Leyton sixth form students take part in a debate at the UK supreme court.

It is just over a year since the new UK supreme court flung open its Magna Carta emblazoned, see-through doors. Sadly the one judge perhaps most responsible for its existence – Lord Bingham – has not lived to see its first birthday. But many others have. One of the court’s major aims was that, by moving from an obscure corridor in the House of Lords into a separate and purpose-designed building, the public would finally get to grips with the work of the UK’s most senior judiciary.

They are getting there. There have been almost 50,000 visitors to the court since it opened last October, and around 200 school and student visits. That doesn’t compare hugely favorably with other visitor attractions – the houses of parliament which receives almost 20 times as many visitors with around 1 million per year – at the moment the supreme court’s numbers are more on a level with Woburn Abbey or Sudley House in Liverpool.

But the vision was not so much about mass tourism, and more about making important judicial decisions accessible. And important decisions there have been: the finding that gay asylum seekers cannot be expected to suppress aspects of their sexuality to avoid persecution, that that a control order requiring a terrorist suspect to live in the Midlands 16-hour curfew was a violation of his rights, and the JFS case, in which the court ruled that a Jewish school had discriminated unlawfully on grounds of race.

Today Lord Phillips, the court’s first and so far only president, said that decision was the hardest of his judicial career. “The JFS case was interesting, very difficult intellectually, and we all disagreed,” said Phillips. “The 9-panel court was split 5/4 and I was in the majority. I think that was hardest decision I’ve had to make.”

Phillips was speaking to around 30 students from Leyton sixth form college. It’s always a joy to see senior legal figures interviewed by young people, because they ask the questions that journalists either wouldn’t think of asking, or wouldn’t dare.

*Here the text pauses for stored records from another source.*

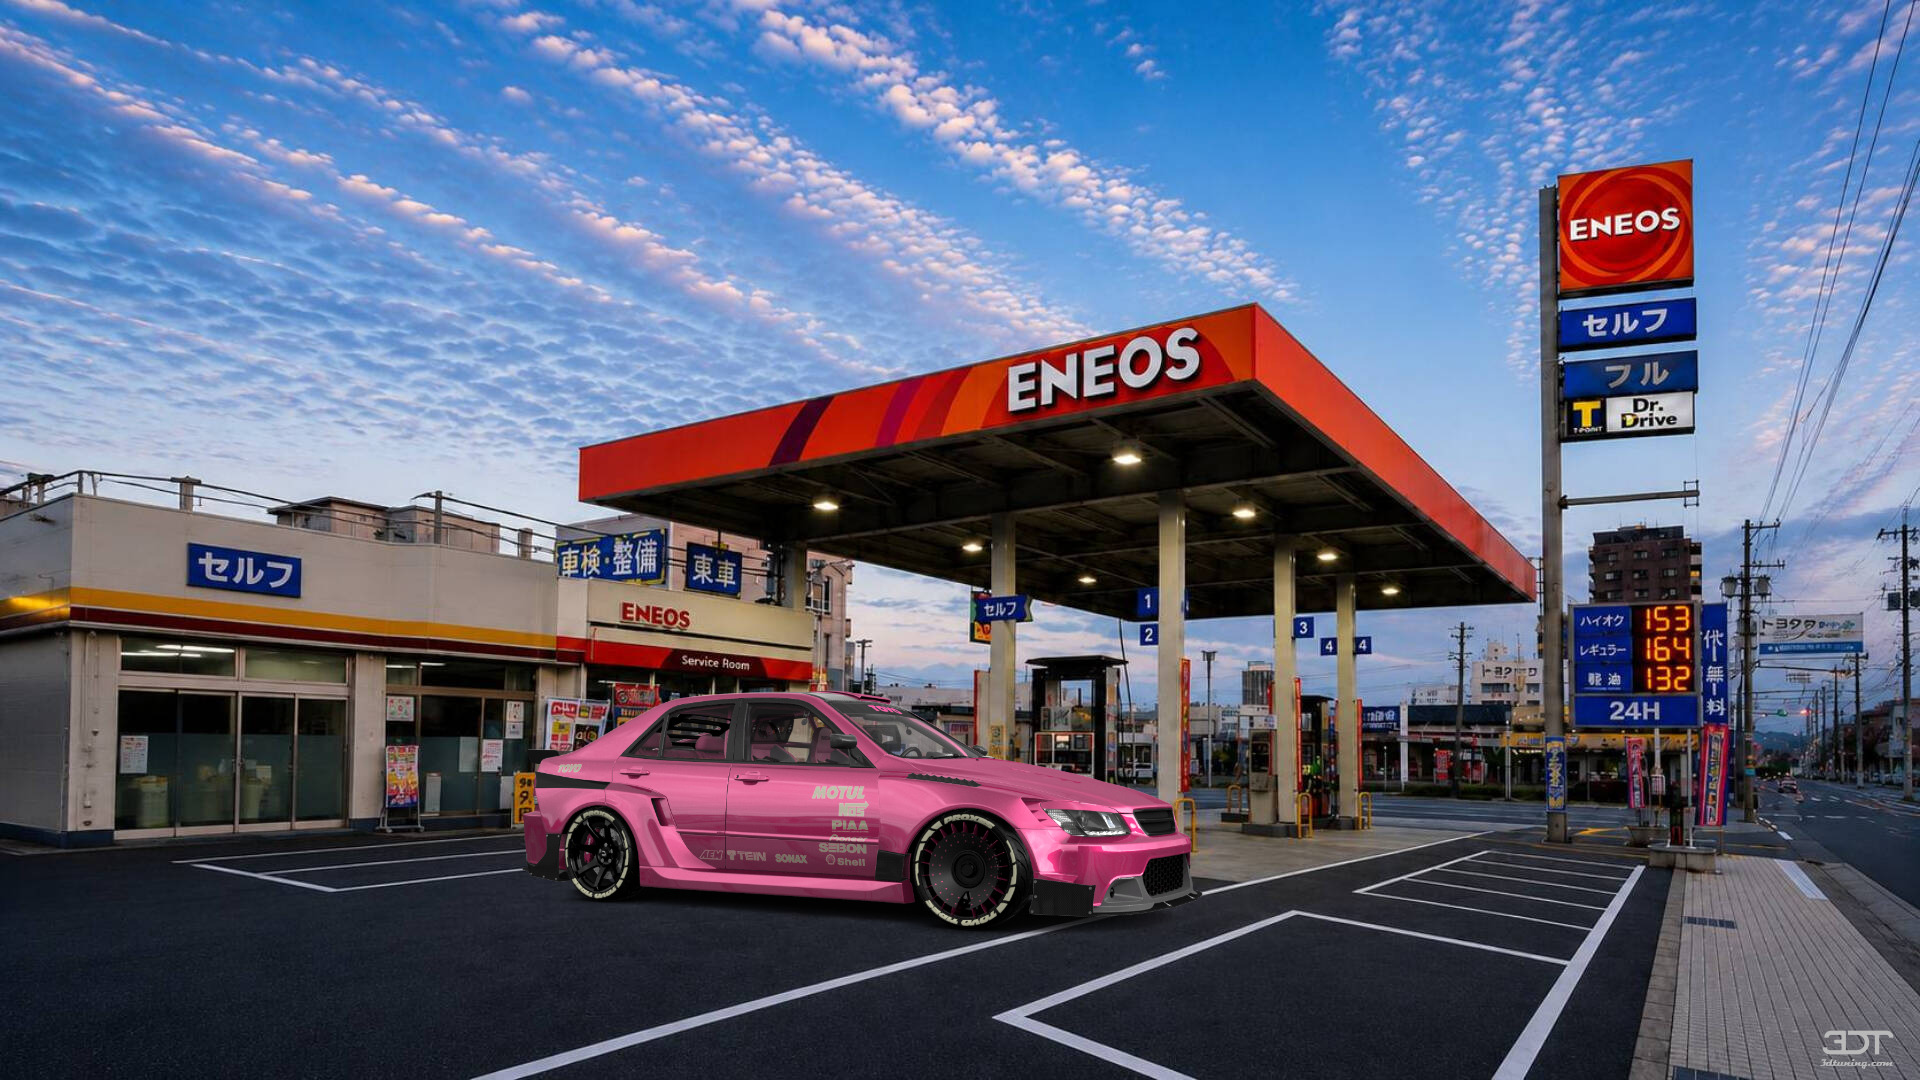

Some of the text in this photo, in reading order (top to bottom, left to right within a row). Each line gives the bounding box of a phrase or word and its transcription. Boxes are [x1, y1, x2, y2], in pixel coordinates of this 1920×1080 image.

[1570, 207, 1680, 241] ENEOS
[1583, 308, 1668, 337] セルフ
[1008, 327, 1200, 412] ENEOS
[1605, 361, 1668, 389] フル
[1633, 398, 1663, 412] Dr.
[1573, 400, 1601, 427] T
[1621, 413, 1677, 428] Drive
[561, 538, 658, 577] 車検・整備
[198, 552, 293, 588] セルフ
[1144, 594, 1151, 608] 1
[621, 602, 691, 629] ENEOS
[984, 602, 1016, 617] セルフ
[1580, 614, 1625, 628] ハイオク
[1645, 605, 1690, 632] 153
[1145, 628, 1154, 642] 2
[1299, 621, 1308, 635] 3
[1325, 640, 1333, 653] 4
[1358, 639, 1367, 650] 4
[1580, 644, 1627, 656] レギュラー
[1645, 636, 1690, 662] 164
[682, 655, 750, 671] Service Room
[1647, 666, 1690, 691] 132
[1610, 701, 1661, 720] 24H
[558, 764, 582, 773] TOYO
[812, 786, 865, 799] MOTUL
[838, 801, 868, 817] NOS
[832, 820, 869, 831] PIAA
[700, 850, 723, 860] AEM
[737, 851, 766, 861] TEIN
[775, 853, 807, 864] SONAX
[837, 857, 866, 867] Shell

Among other gems was the question “you started at the bottom of the legal profession – how did you work your way up?”. Phillips’ response was the simple, and not overly helpful: “I got here through good luck!”

“I didn’t want to be a judge,” Phillips insisted. “I was very casual in my attitude, I didn’t have ambition. But I was invited by the Lord Chief Justice to become a judge, and in those days you didn’t refuse.”

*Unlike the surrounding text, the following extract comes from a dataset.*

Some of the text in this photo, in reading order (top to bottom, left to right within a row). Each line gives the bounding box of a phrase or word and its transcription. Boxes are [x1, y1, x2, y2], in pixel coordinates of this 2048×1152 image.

That was news to me, but maybe that’s not surprising – I can’t imagine any journalist would have got quite the same answer to that question. All credit to the supreme court for opening itself up to young people, and for taking it seriously enough that the justices have made the effort to attend sessions and answer students’ question.

Today Phillips was observing the Leyton law students debating the question of whether the law should allow schools to manage the cultural and religious dress of their students. The debate saw several young women wearing hijabs arguing that if you come to the UK, you should be prepared to observe UK dress codes, and several young men arguing that religious wear such as the ankle-length jilbab makes women feel they are preserving their dignity, and is an expression of individuality and belief with which no institution has the right to interfere. They flipped things on their head, picking up sophisticated arguments about the distinction between religious necessity and cultural practice, and the requirement of reasonableness on public bodies.

But best of all, they looked at the place through new eyes. “Who’s that?” one student asked, pointing to a very large painting of a random member of the eighteenth century aristocracy on the wall. “And why does his painting have such an expensive frame?”

Excellent questions, all of them.

This post originally appeared on Afua Hirsch’s Law Blog and is reproduced with permission and thanks.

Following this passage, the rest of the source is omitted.